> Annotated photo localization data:
++++++++
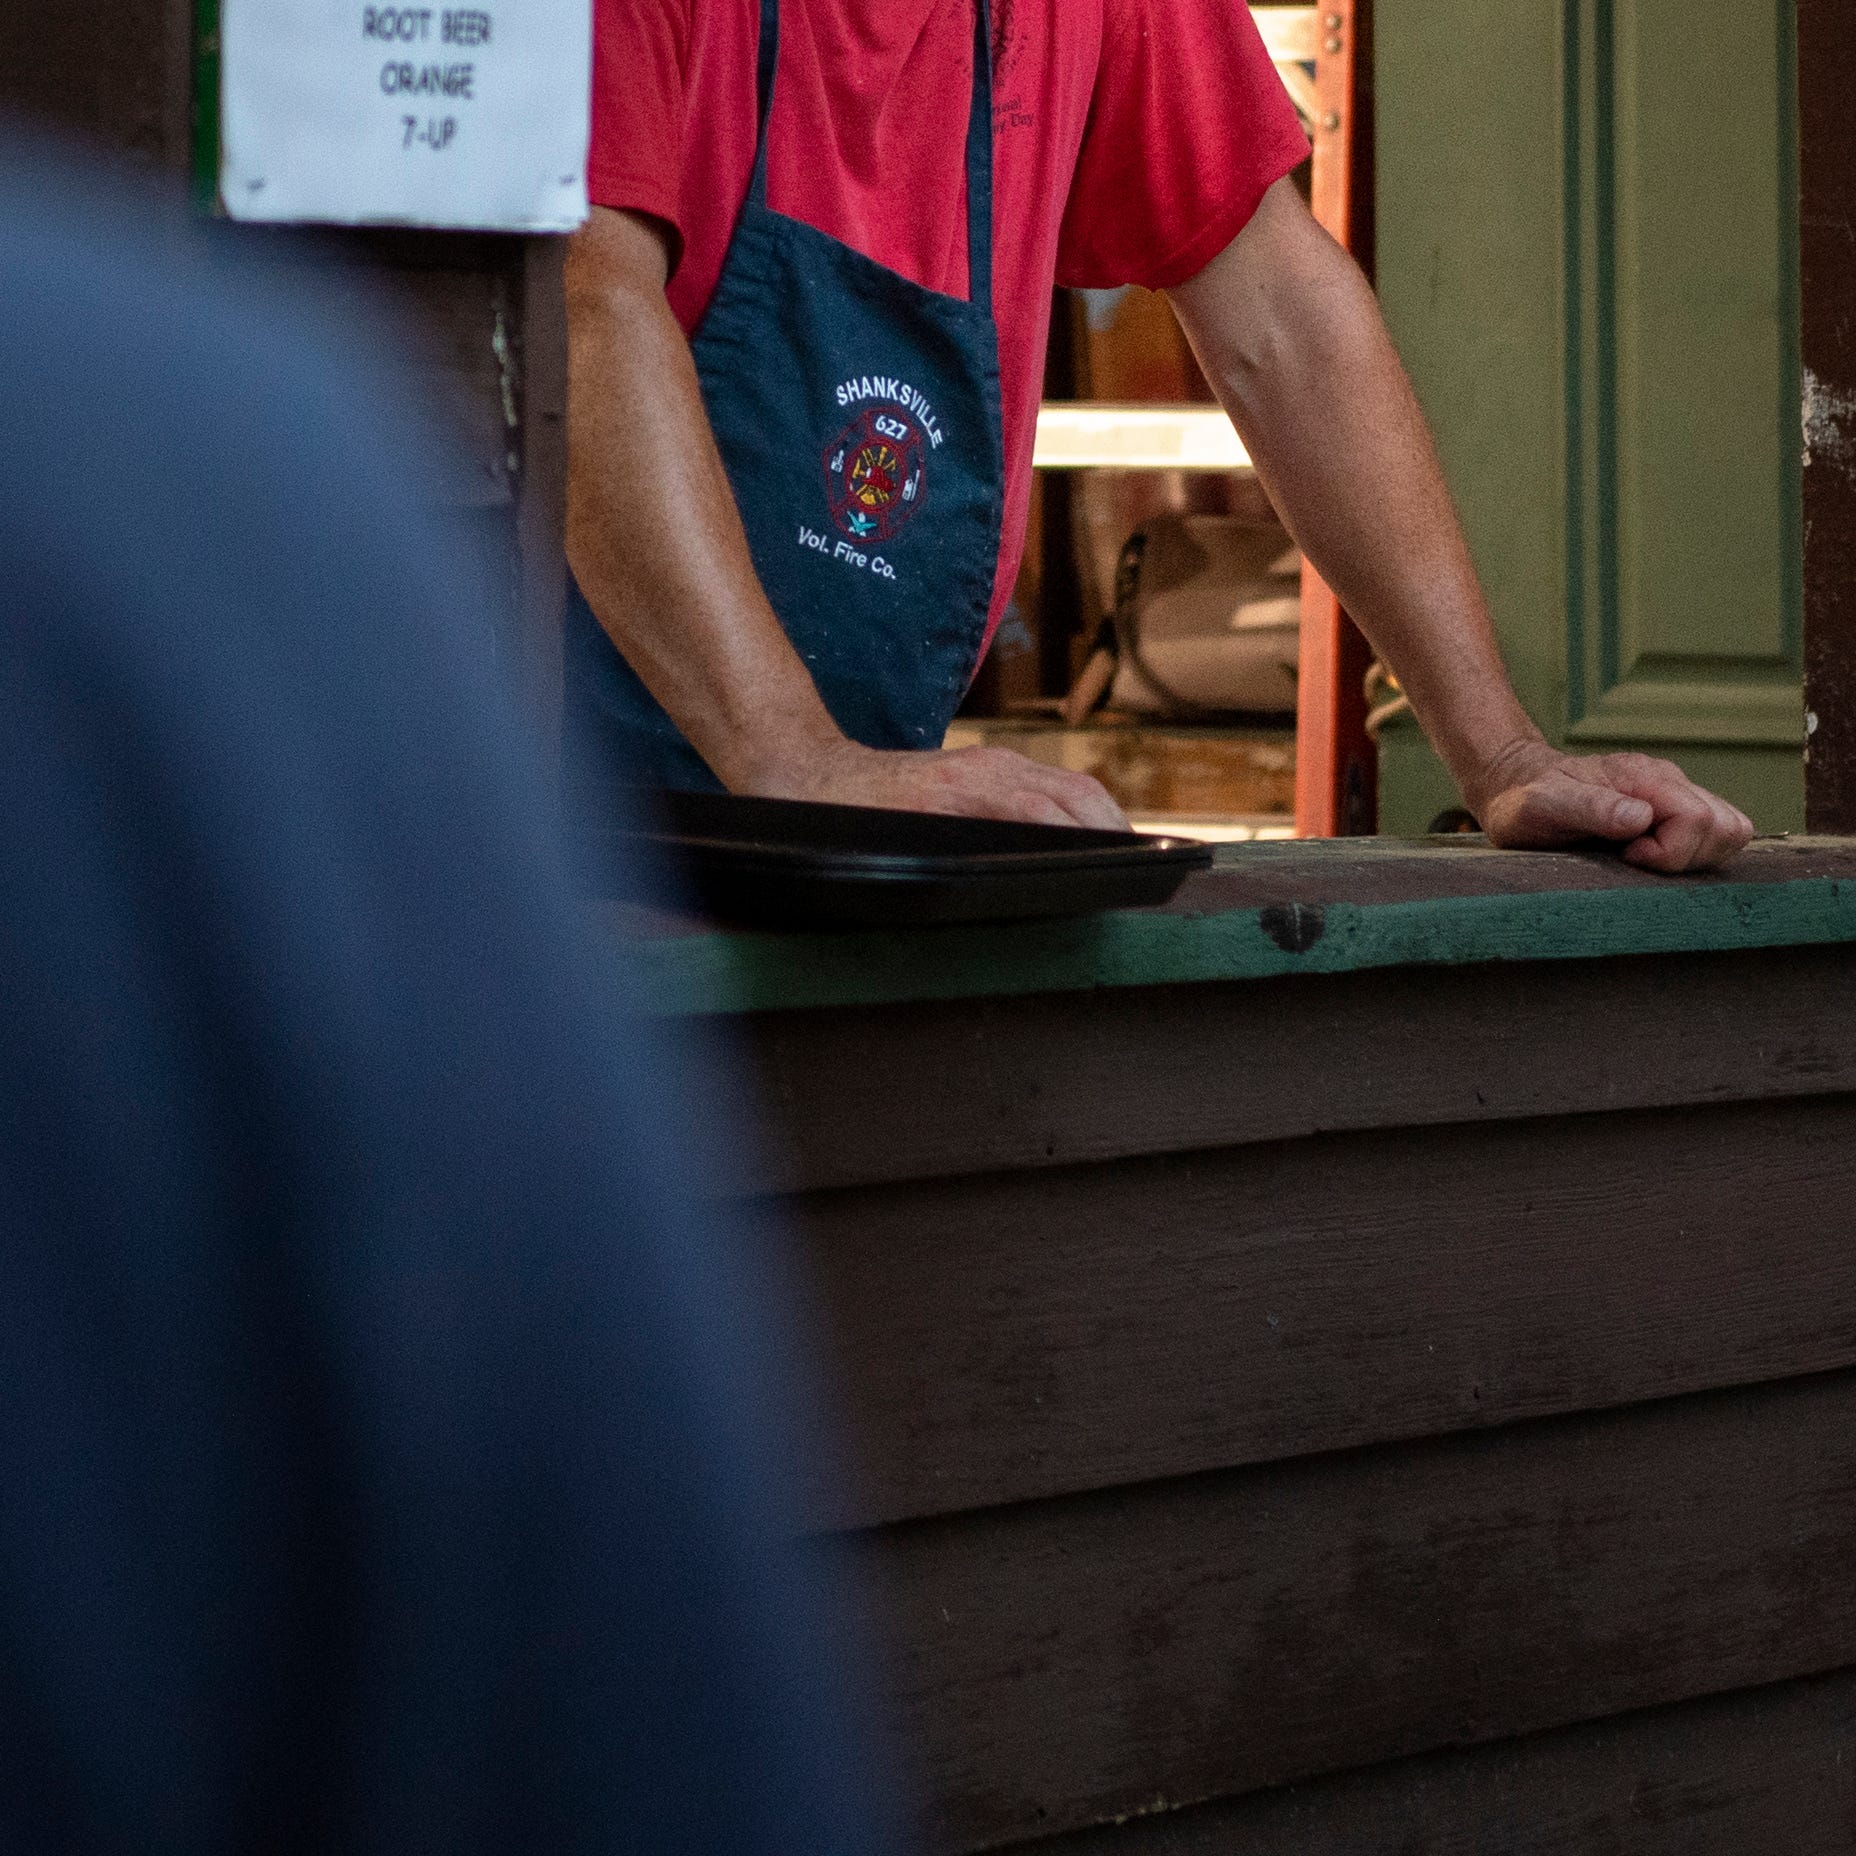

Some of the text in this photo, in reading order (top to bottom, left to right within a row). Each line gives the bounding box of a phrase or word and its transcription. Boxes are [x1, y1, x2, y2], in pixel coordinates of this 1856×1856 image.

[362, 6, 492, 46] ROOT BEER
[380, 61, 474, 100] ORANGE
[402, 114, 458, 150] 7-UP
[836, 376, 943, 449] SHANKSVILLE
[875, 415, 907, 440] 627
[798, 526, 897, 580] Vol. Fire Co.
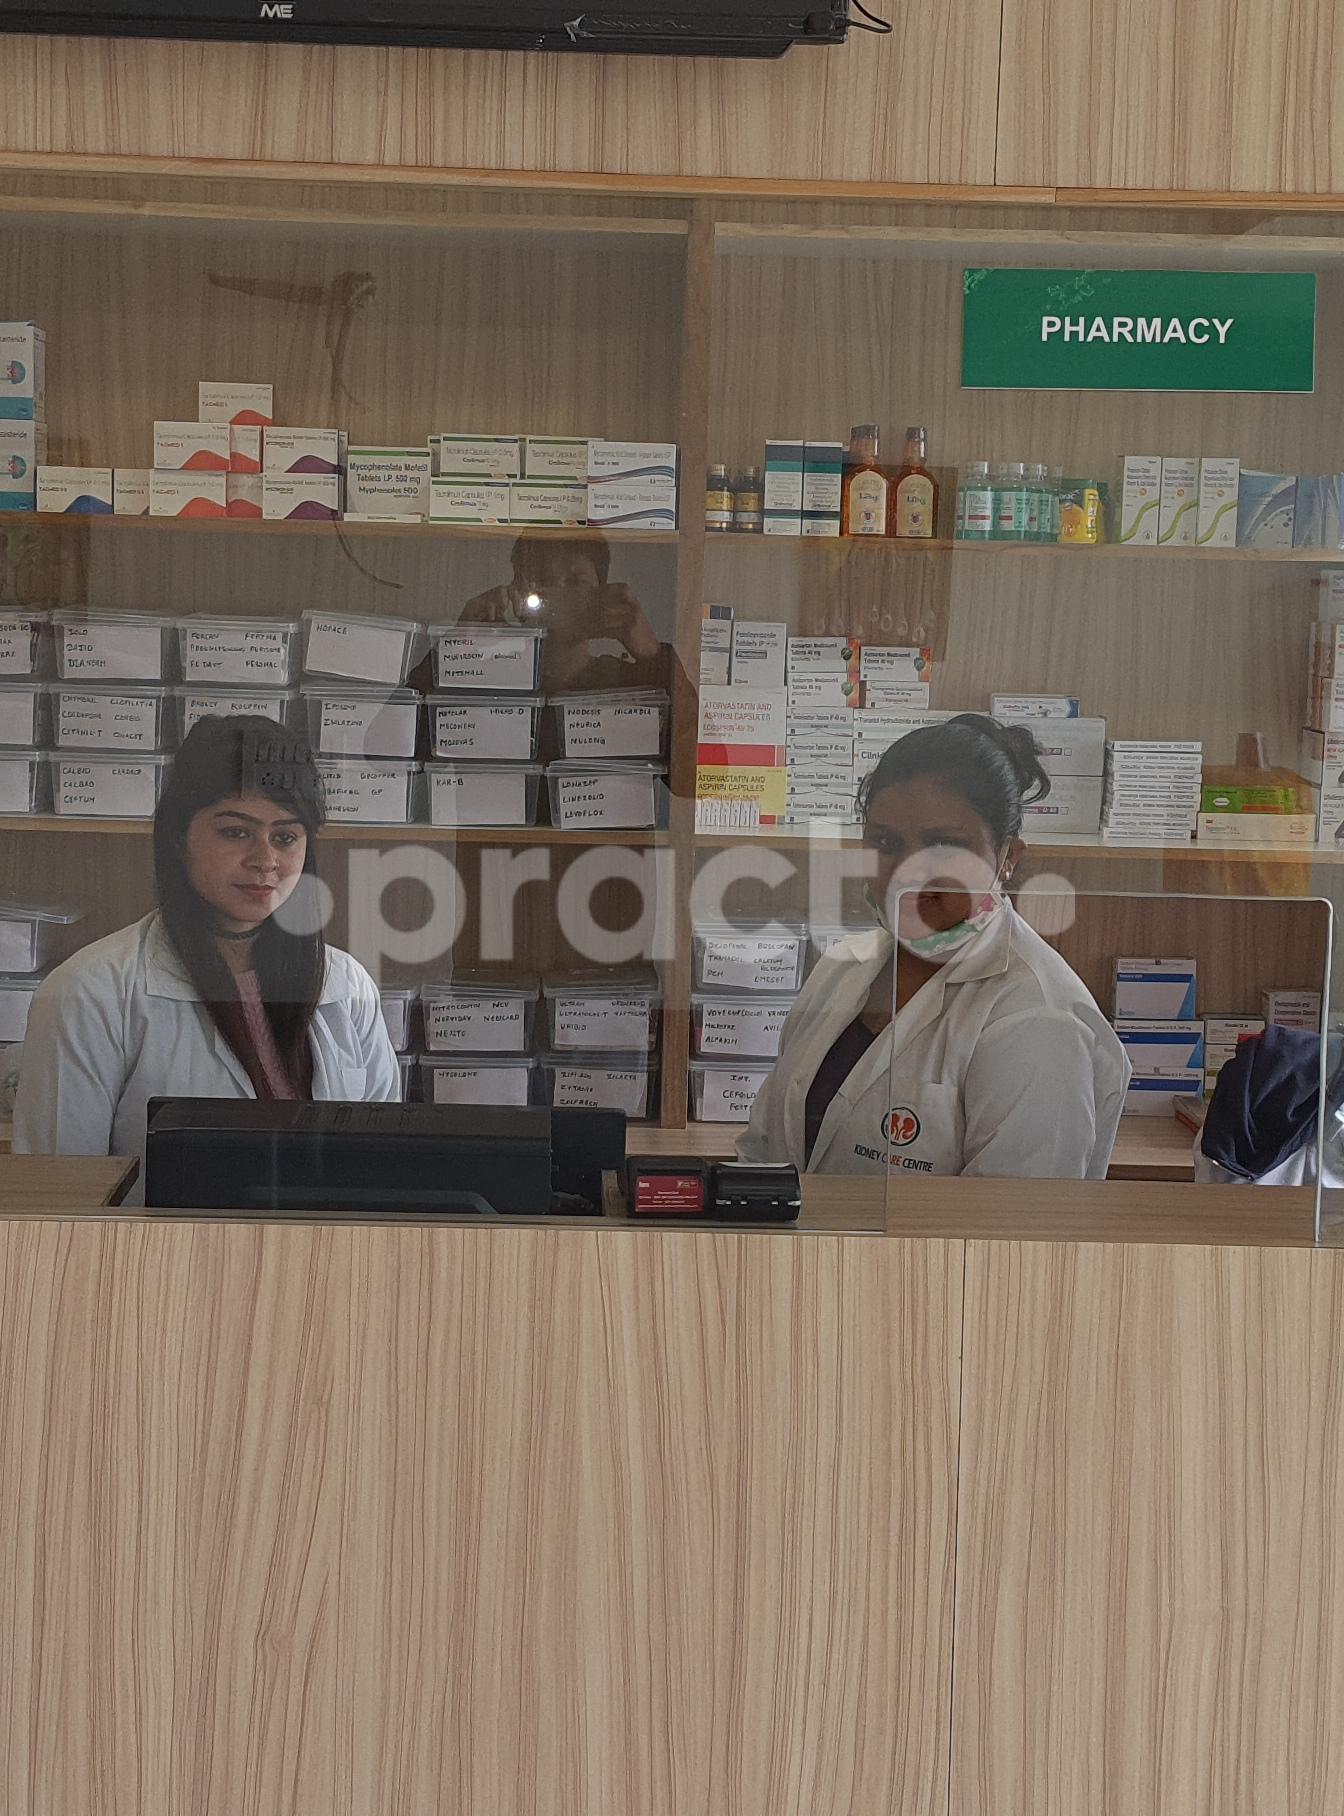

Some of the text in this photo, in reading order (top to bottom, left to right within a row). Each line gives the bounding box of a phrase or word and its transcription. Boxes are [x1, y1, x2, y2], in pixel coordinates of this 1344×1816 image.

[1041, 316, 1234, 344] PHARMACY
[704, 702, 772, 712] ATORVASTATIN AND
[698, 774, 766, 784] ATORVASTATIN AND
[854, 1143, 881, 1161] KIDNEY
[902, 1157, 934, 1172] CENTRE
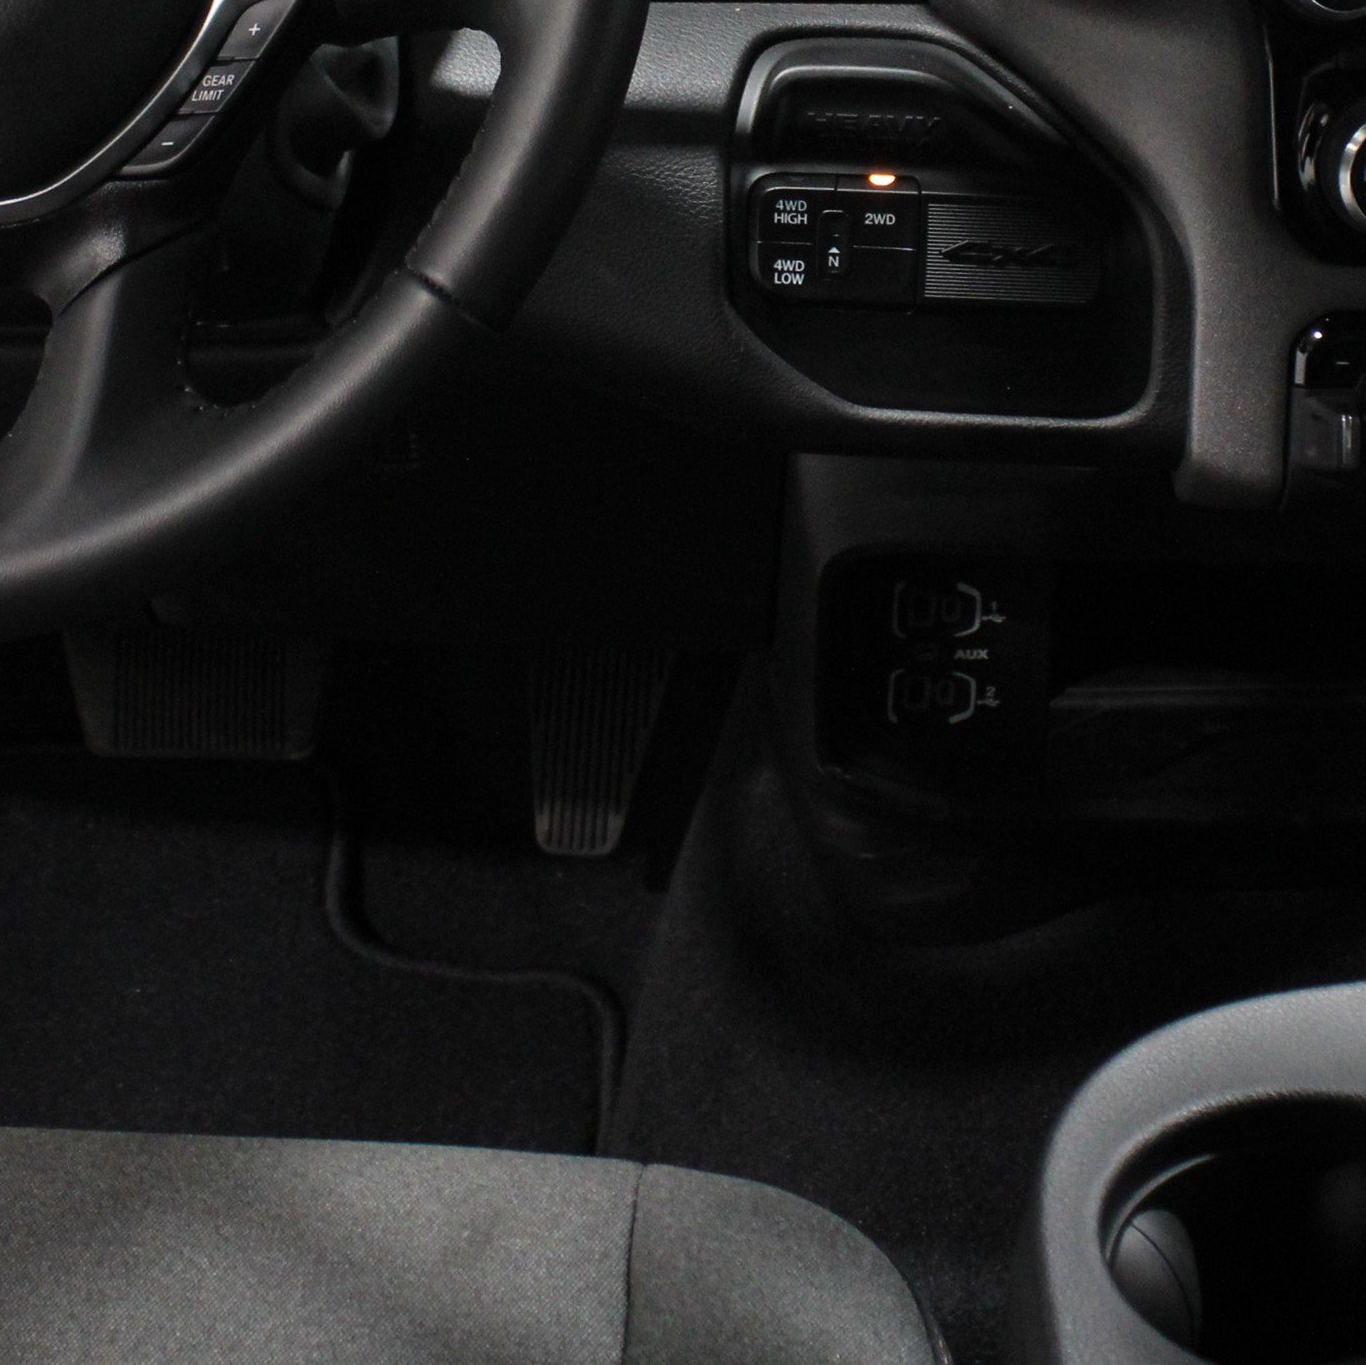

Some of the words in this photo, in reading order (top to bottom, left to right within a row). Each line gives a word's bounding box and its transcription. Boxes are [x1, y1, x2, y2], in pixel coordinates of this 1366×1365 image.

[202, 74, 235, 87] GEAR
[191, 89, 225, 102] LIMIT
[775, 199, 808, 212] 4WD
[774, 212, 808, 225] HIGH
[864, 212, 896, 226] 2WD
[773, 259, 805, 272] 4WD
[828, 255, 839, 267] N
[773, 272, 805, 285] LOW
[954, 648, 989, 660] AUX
++++++++
Without the pictures, return the whole of the data exactly as given.

> Task result:
Some of the text in this photo, in reading order (top to bottom, left to right within a row). Each line gives the bounding box of a phrase or word and its transcription. Boxes are [x1, y1, x2, y2], in pixel coordinates of this 1856×1856 image.

[362, 6, 492, 46] ROOT BEER
[380, 61, 474, 100] ORANGE
[402, 114, 458, 150] 7-UP
[836, 376, 943, 449] SHANKSVILLE
[875, 415, 907, 440] 627
[798, 526, 897, 580] Vol. Fire Co.

Some of the text in this photo, in reading order (top to bottom, left to right within a row). Each line gives the bounding box of a phrase or word and its transcription. Boxes are [x1, y1, x2, y2], in pixel coordinates of this 1344×1816 image.

[1041, 316, 1234, 344] PHARMACY
[704, 702, 772, 712] ATORVASTATIN AND
[698, 774, 766, 784] ATORVASTATIN AND
[854, 1143, 881, 1161] KIDNEY
[902, 1157, 934, 1172] CENTRE

Some of the words in this photo, in reading order (top to bottom, left to right within a row). Each line gives a word's bounding box and its transcription. Boxes are [x1, y1, x2, y2], in pixel coordinates of this 1366×1365 image.

[202, 74, 235, 87] GEAR
[191, 89, 225, 102] LIMIT
[775, 199, 808, 212] 4WD
[774, 212, 808, 225] HIGH
[864, 212, 896, 226] 2WD
[773, 259, 805, 272] 4WD
[828, 255, 839, 267] N
[773, 272, 805, 285] LOW
[954, 648, 989, 660] AUX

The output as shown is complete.